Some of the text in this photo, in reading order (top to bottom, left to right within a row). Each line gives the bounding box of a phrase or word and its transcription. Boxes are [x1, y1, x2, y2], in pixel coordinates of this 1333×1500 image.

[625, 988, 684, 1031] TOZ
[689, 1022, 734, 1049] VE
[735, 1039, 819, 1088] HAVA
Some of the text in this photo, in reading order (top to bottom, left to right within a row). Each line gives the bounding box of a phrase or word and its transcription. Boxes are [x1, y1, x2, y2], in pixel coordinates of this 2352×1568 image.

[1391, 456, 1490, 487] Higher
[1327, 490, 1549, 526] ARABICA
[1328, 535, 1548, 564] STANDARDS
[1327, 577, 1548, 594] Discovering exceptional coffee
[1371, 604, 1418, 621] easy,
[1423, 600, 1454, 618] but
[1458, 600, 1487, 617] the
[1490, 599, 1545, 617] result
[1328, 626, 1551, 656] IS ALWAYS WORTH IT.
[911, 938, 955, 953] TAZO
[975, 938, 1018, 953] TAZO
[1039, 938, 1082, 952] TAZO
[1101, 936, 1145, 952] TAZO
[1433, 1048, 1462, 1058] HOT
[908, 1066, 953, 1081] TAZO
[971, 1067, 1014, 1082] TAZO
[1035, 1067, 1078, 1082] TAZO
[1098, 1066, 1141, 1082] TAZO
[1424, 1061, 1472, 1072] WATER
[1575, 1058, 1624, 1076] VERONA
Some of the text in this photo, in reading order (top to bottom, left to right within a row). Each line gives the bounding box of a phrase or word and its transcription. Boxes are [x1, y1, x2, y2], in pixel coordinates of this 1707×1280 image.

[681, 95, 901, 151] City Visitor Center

> REQUIRED WORK
Word for word, copy out all the data given above.

> REPLY TO THE TASK
Some of the text in this photo, in reading order (top to bottom, left to right within a row). Each line gives the bounding box of a phrase or word and its transcription. Boxes are [x1, y1, x2, y2], in pixel coordinates of this 1333×1500 image.

[625, 988, 684, 1031] TOZ
[689, 1022, 734, 1049] VE
[735, 1039, 819, 1088] HAVA
Some of the text in this photo, in reading order (top to bottom, left to right within a row). Each line gives the bounding box of a phrase or word and its transcription. Boxes are [x1, y1, x2, y2], in pixel coordinates of this 2352×1568 image.

[1391, 456, 1490, 487] Higher
[1327, 490, 1549, 526] ARABICA
[1328, 535, 1548, 564] STANDARDS
[1327, 577, 1548, 594] Discovering exceptional coffee
[1371, 604, 1418, 621] easy,
[1423, 600, 1454, 618] but
[1458, 600, 1487, 617] the
[1490, 599, 1545, 617] result
[1328, 626, 1551, 656] IS ALWAYS WORTH IT.
[911, 938, 955, 953] TAZO
[975, 938, 1018, 953] TAZO
[1039, 938, 1082, 952] TAZO
[1101, 936, 1145, 952] TAZO
[1433, 1048, 1462, 1058] HOT
[908, 1066, 953, 1081] TAZO
[971, 1067, 1014, 1082] TAZO
[1035, 1067, 1078, 1082] TAZO
[1098, 1066, 1141, 1082] TAZO
[1424, 1061, 1472, 1072] WATER
[1575, 1058, 1624, 1076] VERONA
Some of the text in this photo, in reading order (top to bottom, left to right within a row). Each line gives the bounding box of a phrase or word and its transcription. Boxes are [x1, y1, x2, y2], in pixel coordinates of this 1707×1280 image.

[681, 95, 901, 151] City Visitor Center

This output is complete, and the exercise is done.